Next, using the numerical values of A and B, let's try to find the cosine similarity between the two inputs using the cosine similarity formula - run the code cell below and compare the results with value of cos(45 degree) that we calculated earlier.

```
import math
((1*1) + (1*0))/(math.sqrt(math.pow(1,2) + math.pow(1,2)) * math.sqrt(math.pow(1,2) + math.pow(0,2)))
```

0.7071067811865475

Let's run the same logic using functions from numpy library.

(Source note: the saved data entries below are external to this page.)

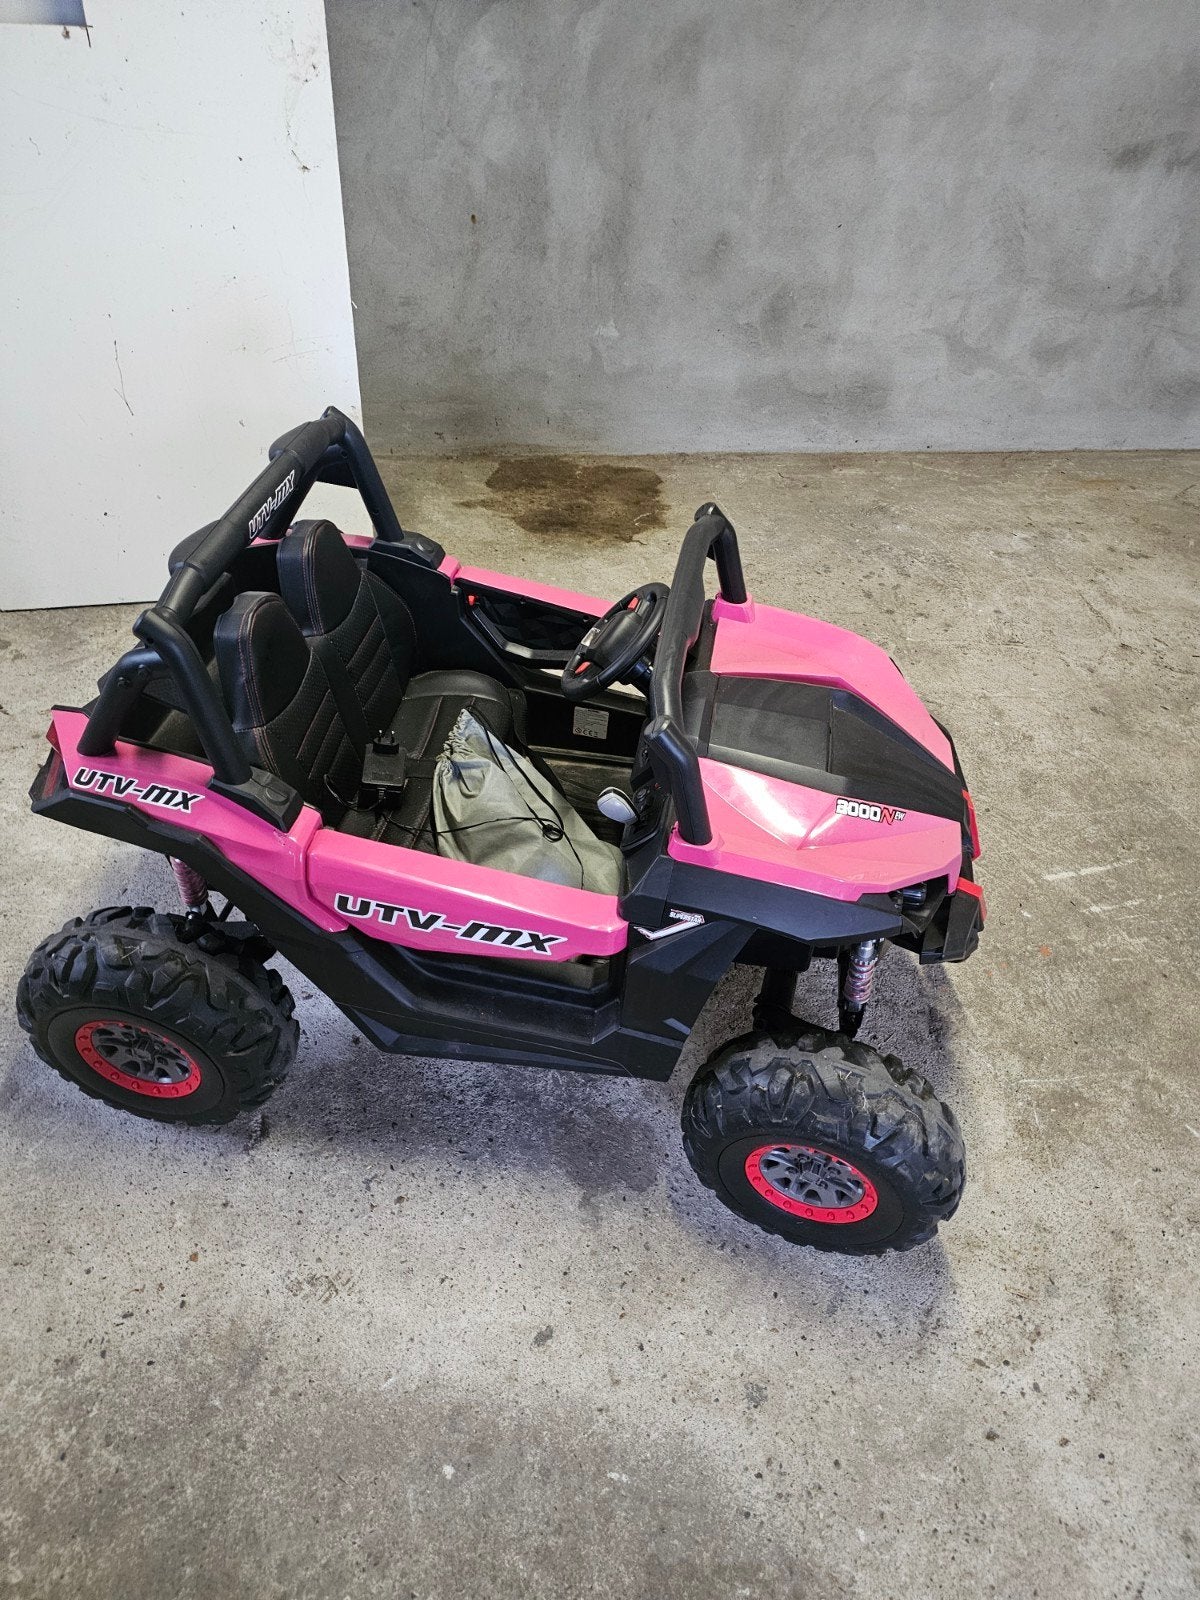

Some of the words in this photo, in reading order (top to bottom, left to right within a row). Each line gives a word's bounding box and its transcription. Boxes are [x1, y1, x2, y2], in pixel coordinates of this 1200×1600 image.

[248, 469, 295, 540] UTV-MX
[73, 766, 205, 814] UTV-MX
[334, 892, 568, 956] UTV-MX
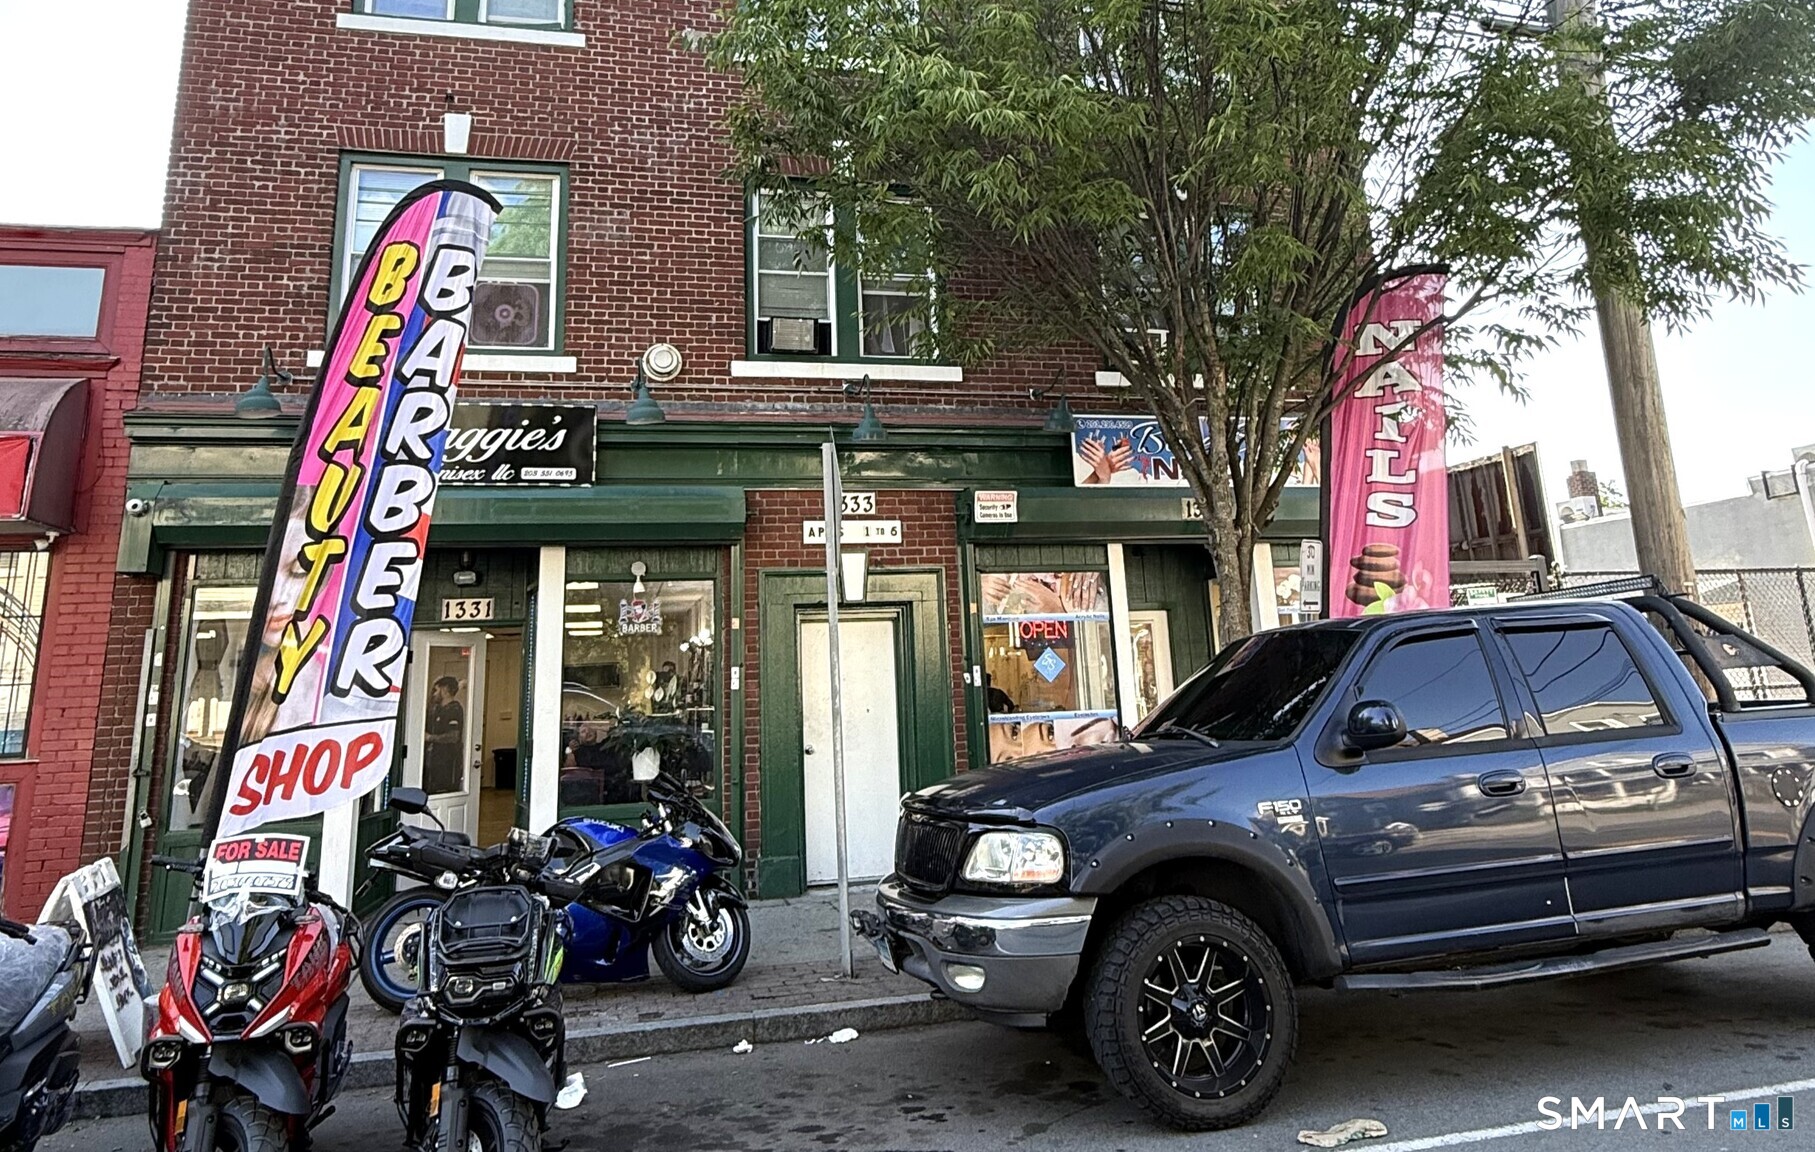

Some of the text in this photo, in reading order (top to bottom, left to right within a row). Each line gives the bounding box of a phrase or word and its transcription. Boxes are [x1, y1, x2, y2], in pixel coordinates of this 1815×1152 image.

[1353, 319, 1422, 529] NAILS
[442, 415, 567, 462] aggie's
[271, 241, 420, 705] BEAUTY
[330, 244, 477, 698] BARBER
[440, 463, 515, 480] nisex llc
[841, 495, 873, 513] 333
[979, 493, 1013, 501] WARNING
[865, 526, 870, 536] 1
[876, 528, 885, 536] TO
[890, 526, 898, 536] 6
[444, 600, 492, 620] 1331
[622, 623, 657, 633] BARBER
[1020, 620, 1068, 639] OPEN
[229, 732, 384, 816] SHOP
[1257, 799, 1303, 815] F150
[583, 818, 624, 833] SUZUKI
[214, 840, 302, 862] FOR SALE

numpy also provides a built-in function to effortlessly measure cosine similarity between two vectors but let's use that in the main example.

```
import numpy as np
# Define two vectors
vector_a = np.array([1, 1])
vector_b = np.array([1, 0])
# Compute cosine similarity
np.dot(vector_a, vector_b) / (np.linalg.norm(vector_a) * np.linalg.norm(vector_b))
```

0.7071067811865475

Now that we understand both vectorization and cosine similarity, let's try to implement content based filtering.

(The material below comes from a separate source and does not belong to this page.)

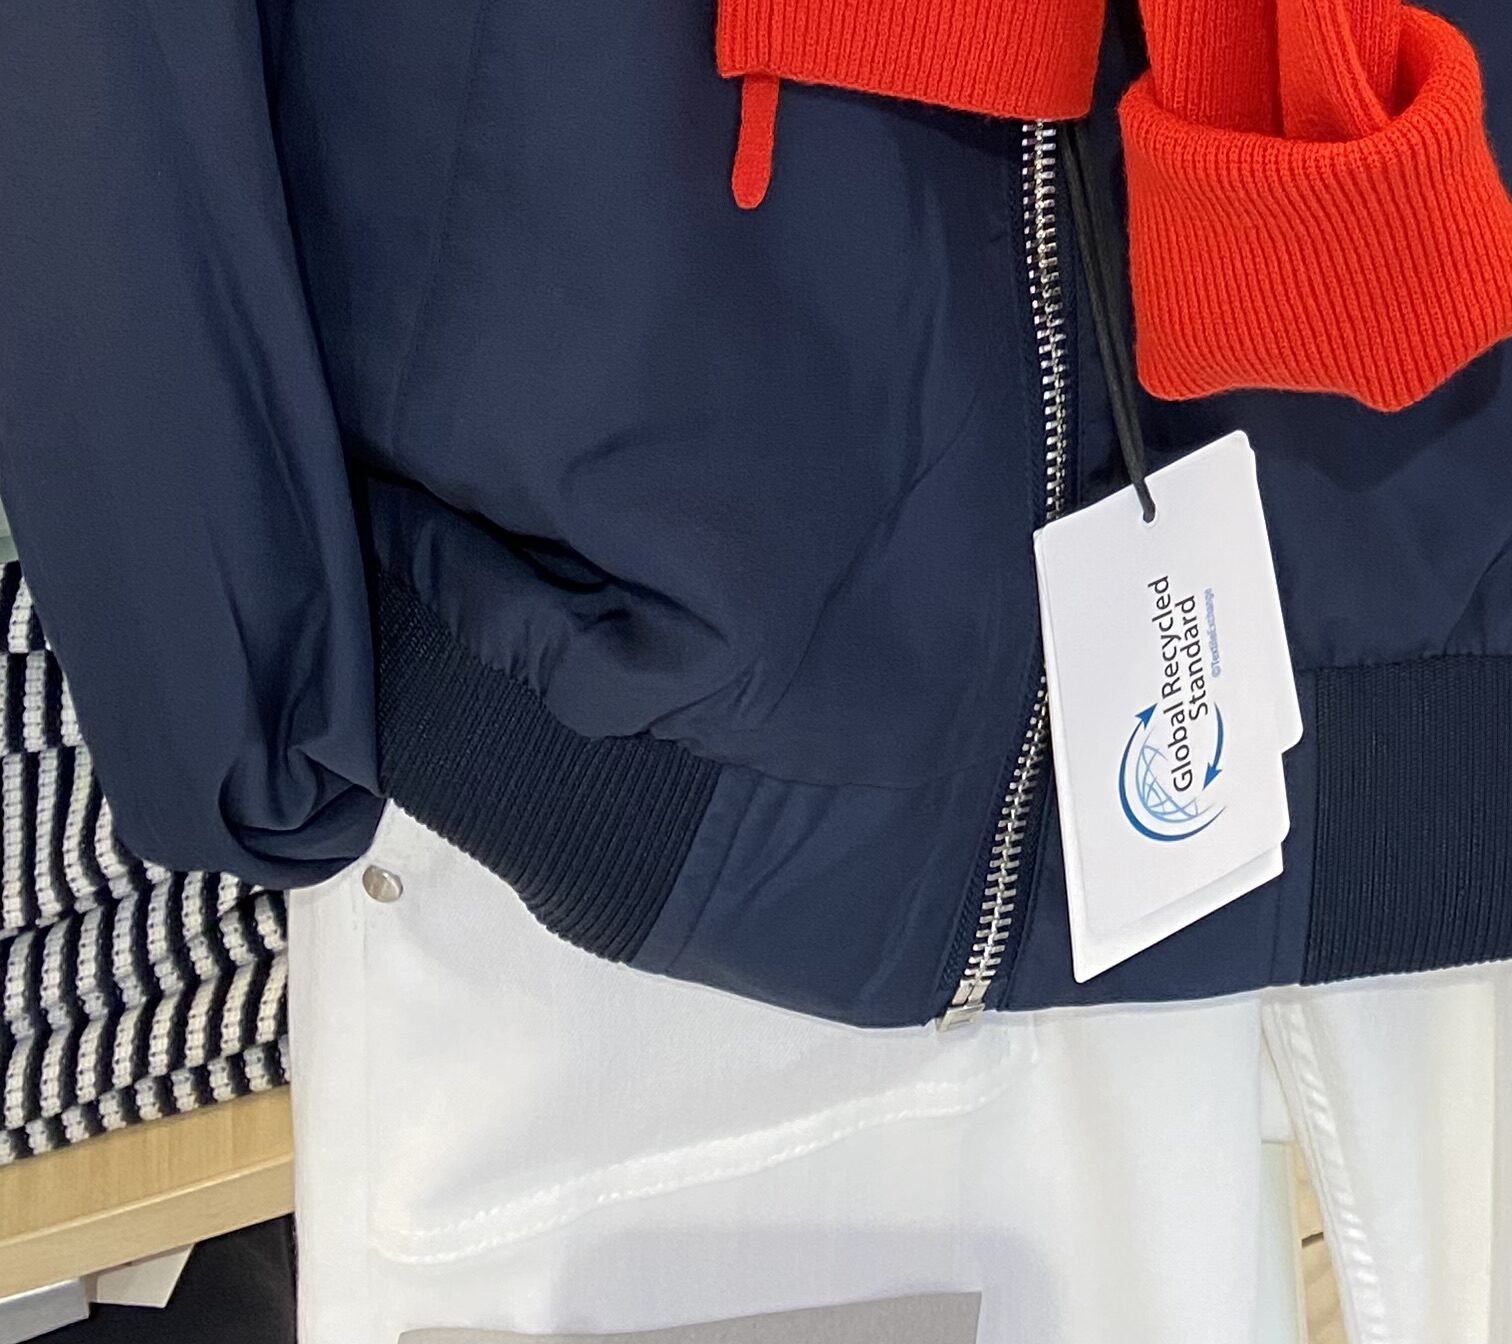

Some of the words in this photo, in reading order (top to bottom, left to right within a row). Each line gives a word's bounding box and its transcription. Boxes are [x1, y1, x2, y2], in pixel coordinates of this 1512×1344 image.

For demo purposes, we have created a small set of synthetic data that consists of movie id's and their corresponding genres. Firstly we would get the embeddings of genres, then using the same embeddings matrix we extract user_movies matrix by keeping the titles that user has already watched and then compare the two matrices to get the similarity score of each title.

To get the final output, we are only considering movies that have a similarity score of 1.0 but that's just for demo purposes, ideally anything closer to 1 should be good enough for recommendation.

```
import pandas as pd
from sklearn.feature_extraction.text import TfidfVectorizer
from sklearn.metrics.pairwise import cosine_similarity
import numpy as np
# Example data
movies = pd.DataFrame({
'title-id': ['61', '302', '31', '311'],
'genres': ['Rom-Com', 'Action', 'Rom-Com', 'Action']
})
#fetch movies watched by user from DB
user_movies = ['61']
tfidf = TfidfVectorizer(stop_words='english')
tfidf_matrix = tfidf.fit_transform(movies['genres'])
user_profile = tfidf_matrix[movies['title-id'].isin(user_movies)].mean(axis=0)
similarity_scores = cosine_similarity(np.asarray(user_profile), tfidf_matrix)
movies['similarity'] = similarity_scores.flatten()
print(movies)
recommended_movies = movies[(~movies['title-id'].isin(user_movies)) & movies['similarity'] == 1.0].sort_values(by='similarity', ascending=False)
print("Final Output")
print(recommended_movies[['title-id', 'similarity']])
```

[[0. 0.70710678 0.70710678]] title-id genres similarity 0 61 Rom-Com 1.0 1 302 Action 0.0 2 31 Rom-Com 1.0 3 311 Action 0.0 title-id similarity 2 31 1.0

## Collaborative Filtering¶

As seen earlier, content based recommendations are efficient but have their limitations, for example, in a movie recommendation system it would not make sense to just recommend movies based on what the user has already watched. The system will have to suggest something different or surprise the user with something out of the routine every now and then. For these purposes, we need a technique other than content based recommendations.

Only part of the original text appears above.